=== Exercise goal ===
Would you retype the listing word for word, skipping its pictures?

=== Given records ===
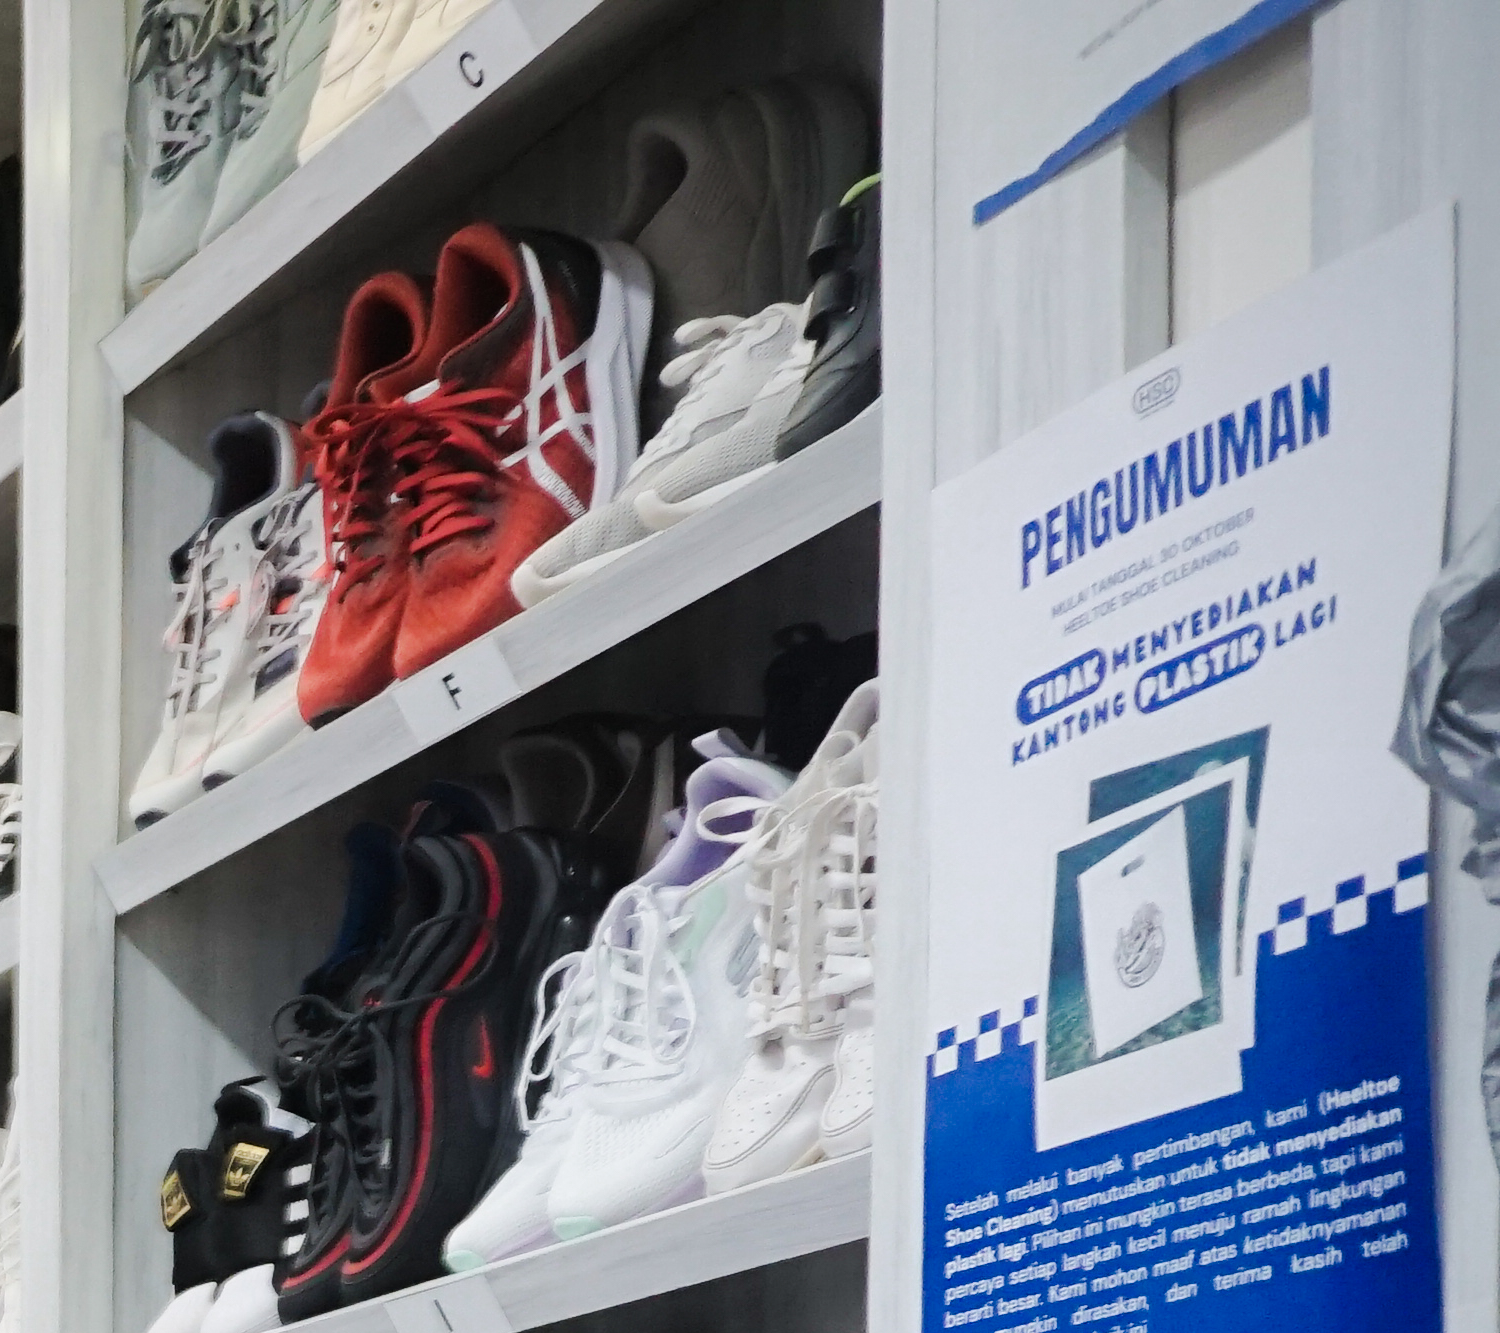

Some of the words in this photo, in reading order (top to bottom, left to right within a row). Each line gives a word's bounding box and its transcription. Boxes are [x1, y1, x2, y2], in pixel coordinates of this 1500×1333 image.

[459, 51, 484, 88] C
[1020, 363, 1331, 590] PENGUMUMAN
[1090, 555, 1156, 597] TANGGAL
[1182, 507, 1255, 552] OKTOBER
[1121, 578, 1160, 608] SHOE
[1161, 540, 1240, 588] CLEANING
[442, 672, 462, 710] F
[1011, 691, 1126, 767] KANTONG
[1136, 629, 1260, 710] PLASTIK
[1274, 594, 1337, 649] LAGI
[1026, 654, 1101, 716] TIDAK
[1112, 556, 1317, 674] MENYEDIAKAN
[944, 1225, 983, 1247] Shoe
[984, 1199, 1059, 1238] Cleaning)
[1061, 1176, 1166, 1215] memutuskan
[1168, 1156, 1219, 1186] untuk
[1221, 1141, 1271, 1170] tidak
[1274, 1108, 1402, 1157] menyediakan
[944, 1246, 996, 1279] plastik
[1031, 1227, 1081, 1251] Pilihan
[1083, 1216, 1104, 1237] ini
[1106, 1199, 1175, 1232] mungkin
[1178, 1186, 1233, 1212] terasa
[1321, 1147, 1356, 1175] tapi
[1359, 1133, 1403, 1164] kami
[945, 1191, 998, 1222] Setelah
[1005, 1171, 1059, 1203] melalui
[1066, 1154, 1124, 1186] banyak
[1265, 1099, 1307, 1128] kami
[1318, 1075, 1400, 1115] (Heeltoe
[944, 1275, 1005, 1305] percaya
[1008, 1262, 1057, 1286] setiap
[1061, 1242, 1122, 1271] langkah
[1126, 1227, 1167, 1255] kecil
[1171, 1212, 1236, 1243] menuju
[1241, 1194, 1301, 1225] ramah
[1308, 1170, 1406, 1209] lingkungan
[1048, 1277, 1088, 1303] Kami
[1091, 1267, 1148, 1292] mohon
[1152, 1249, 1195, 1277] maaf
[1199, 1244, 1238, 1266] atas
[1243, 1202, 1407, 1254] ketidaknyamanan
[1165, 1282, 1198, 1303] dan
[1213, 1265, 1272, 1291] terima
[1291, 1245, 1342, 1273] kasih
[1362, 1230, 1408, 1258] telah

=== Result for this exercise ===
Some of the words in this photo, in reading order (top to bottom, left to right within a row). Each line gives a word's bounding box and its transcription. Boxes are [x1, y1, x2, y2], in pixel coordinates of this 1500×1333 image.

[459, 51, 484, 88] C
[1020, 363, 1331, 590] PENGUMUMAN
[1090, 555, 1156, 597] TANGGAL
[1182, 507, 1255, 552] OKTOBER
[1121, 578, 1160, 608] SHOE
[1161, 540, 1240, 588] CLEANING
[442, 672, 462, 710] F
[1011, 691, 1126, 767] KANTONG
[1136, 629, 1260, 710] PLASTIK
[1274, 594, 1337, 649] LAGI
[1026, 654, 1101, 716] TIDAK
[1112, 556, 1317, 674] MENYEDIAKAN
[944, 1225, 983, 1247] Shoe
[984, 1199, 1059, 1238] Cleaning)
[1061, 1176, 1166, 1215] memutuskan
[1168, 1156, 1219, 1186] untuk
[1221, 1141, 1271, 1170] tidak
[1274, 1108, 1402, 1157] menyediakan
[944, 1246, 996, 1279] plastik
[1031, 1227, 1081, 1251] Pilihan
[1083, 1216, 1104, 1237] ini
[1106, 1199, 1175, 1232] mungkin
[1178, 1186, 1233, 1212] terasa
[1321, 1147, 1356, 1175] tapi
[1359, 1133, 1403, 1164] kami
[945, 1191, 998, 1222] Setelah
[1005, 1171, 1059, 1203] melalui
[1066, 1154, 1124, 1186] banyak
[1265, 1099, 1307, 1128] kami
[1318, 1075, 1400, 1115] (Heeltoe
[944, 1275, 1005, 1305] percaya
[1008, 1262, 1057, 1286] setiap
[1061, 1242, 1122, 1271] langkah
[1126, 1227, 1167, 1255] kecil
[1171, 1212, 1236, 1243] menuju
[1241, 1194, 1301, 1225] ramah
[1308, 1170, 1406, 1209] lingkungan
[1048, 1277, 1088, 1303] Kami
[1091, 1267, 1148, 1292] mohon
[1152, 1249, 1195, 1277] maaf
[1199, 1244, 1238, 1266] atas
[1243, 1202, 1407, 1254] ketidaknyamanan
[1165, 1282, 1198, 1303] dan
[1213, 1265, 1272, 1291] terima
[1291, 1245, 1342, 1273] kasih
[1362, 1230, 1408, 1258] telah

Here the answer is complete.